Le dauphin est l’héritier du trône, son père doit être à ses côtés.
Il n’hésite pas à entrer dans la chambre, à s’approcher du dauphin, dont le visage est couvert de pustules rouges. Mais les médecins se montrent confiants. Ils ont déjà saigné plusieurs fois le dauphin.
Louis se retire, tient ses Conseils des ministres, deux fois par jour, parce qu’il faut décider de poursuivre les négociations avec les Anglais et qu’elles sont difficiles. Marlborough prépare une offensive contre Bouchain, la dernière forteresse tenue par les troupes françaises. Il faut retenir le maréchal de Villars qui commande à nouveau en Flandre et voudrait attaquer les Anglais aussitôt. Il faut le convaincre que les négociations font espérer la paix.

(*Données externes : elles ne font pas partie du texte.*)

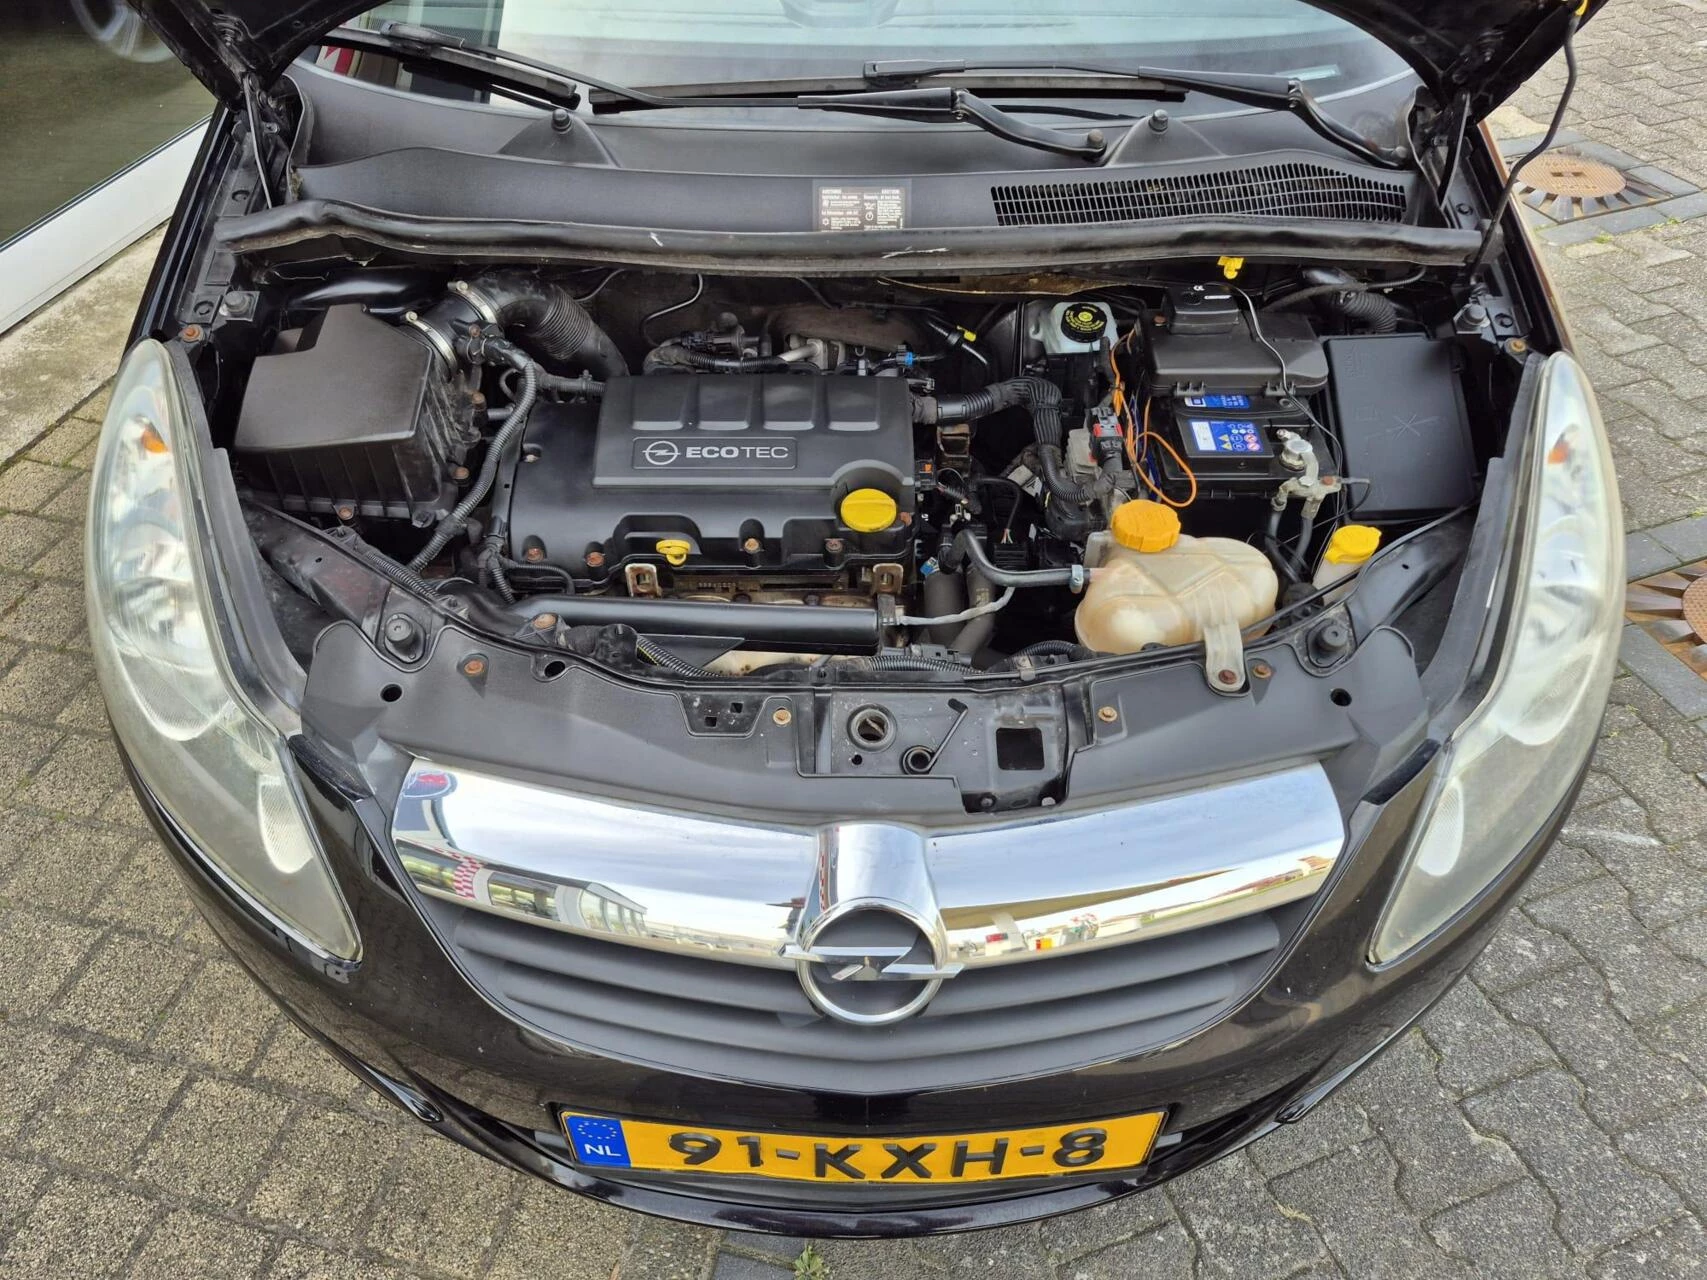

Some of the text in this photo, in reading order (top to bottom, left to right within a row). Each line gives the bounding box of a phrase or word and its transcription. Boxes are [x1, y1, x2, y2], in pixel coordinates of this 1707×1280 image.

Louis soupe après le Conseil. Et tout à coup, il voit Fagon entrer. Il connaît cette expression du médecin, son visage décomposé. Fagon balbutie, murmure que « tout est perdu », que le venin de la petite vérole a suffoqué M. le dauphin brusquement au moment où on le croyait sans danger. Sa mort a été aussi imprévue que s’il était mort d’apoplexie.
Louis a l’impression que tout son corps est devenu un bloc de pierre. Son fils, à peine âgé de plus de quarante-neuf ans, est mort, sans avoir eu le temps de se confesser, ayant reçu seulement l’extrême-onction.

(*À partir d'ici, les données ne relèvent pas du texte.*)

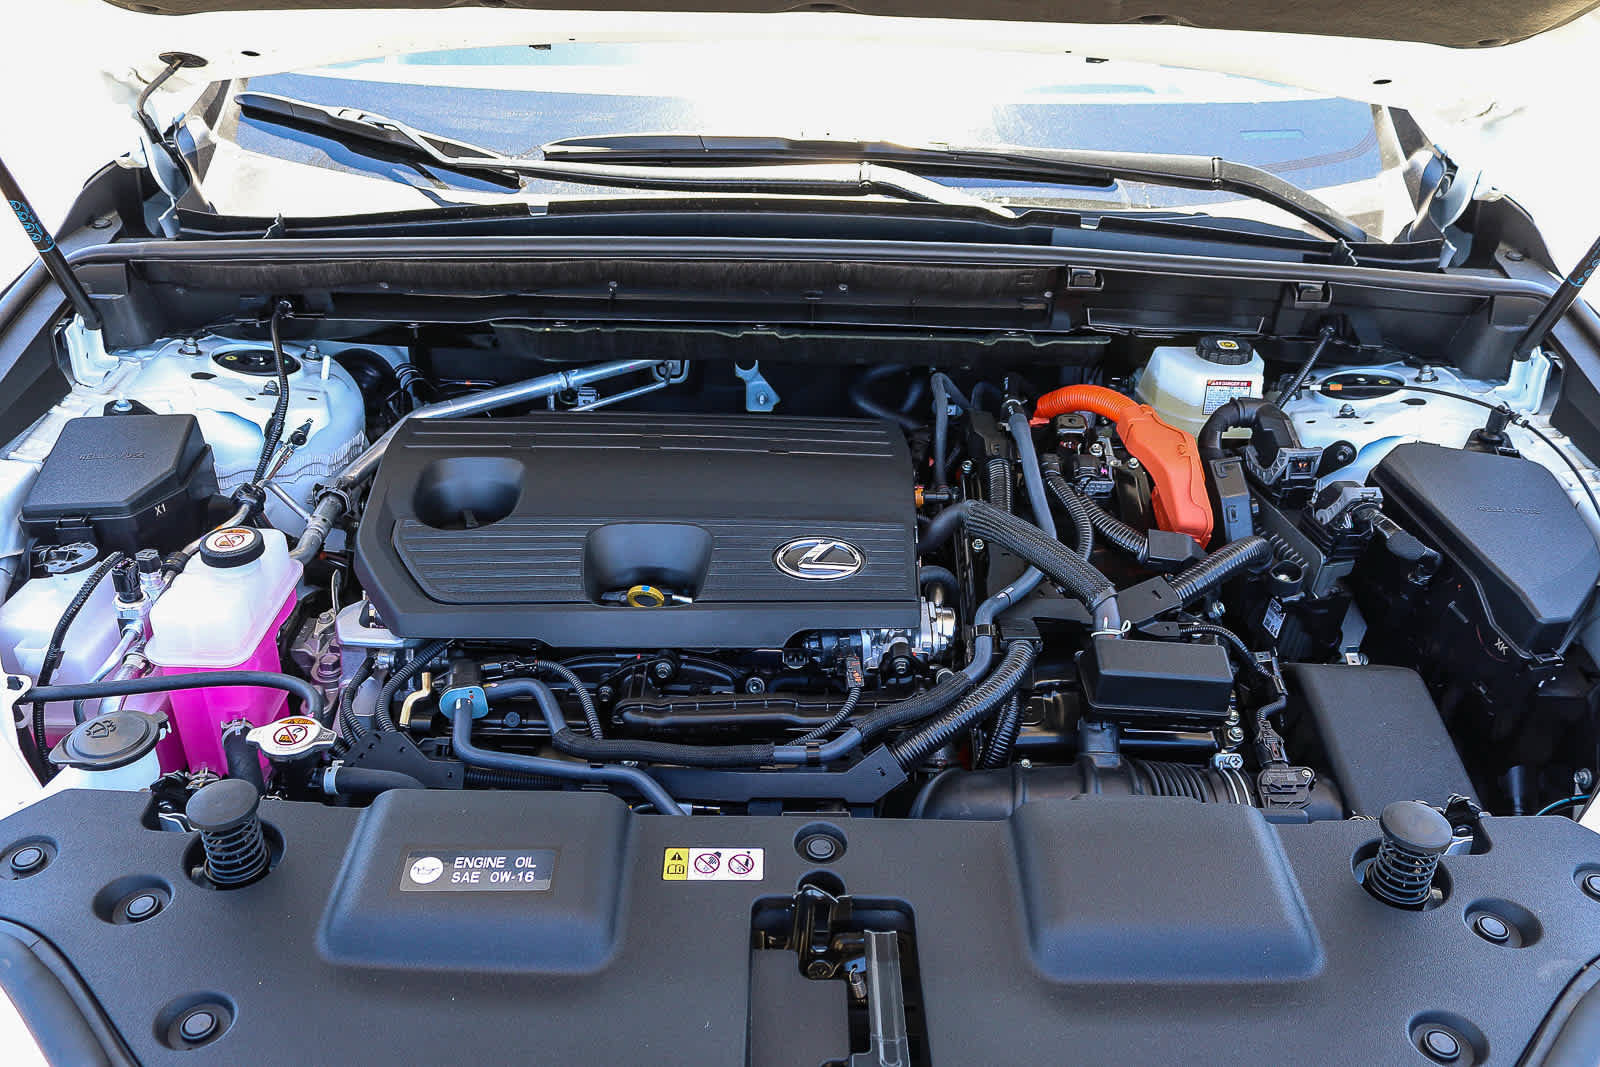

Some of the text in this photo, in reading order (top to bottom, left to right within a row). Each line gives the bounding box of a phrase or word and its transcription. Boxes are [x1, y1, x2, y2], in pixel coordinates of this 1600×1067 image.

[154, 503, 166, 516] X1
[453, 856, 537, 868] ENGINE OIL
[451, 871, 535, 883] SAE 0W-16

Il faut penser au destin du royaume.
Il décide de ne pas rentrer à Versailles où se trouve toute la famille royale, ses fils, ses petits-fils, ses arrière-petits-fils.
Il faut les avertir du décès, de l’air vicié de petite vérole que tous ceux qui ont approché le dauphin peuvent porter avec eux.
Il va se rendre à Marly, et demain il y recevra les princes et les princesses. Mais il veut que le duc et la duchesse de Bourgogne, ceux qui maintenant vont régner après sa mort, viennent à sa rencontre quand son carrosse passera près de Versailles.
Il les aperçoit en pleurs dans cette nuit claire du 14 avril 1711.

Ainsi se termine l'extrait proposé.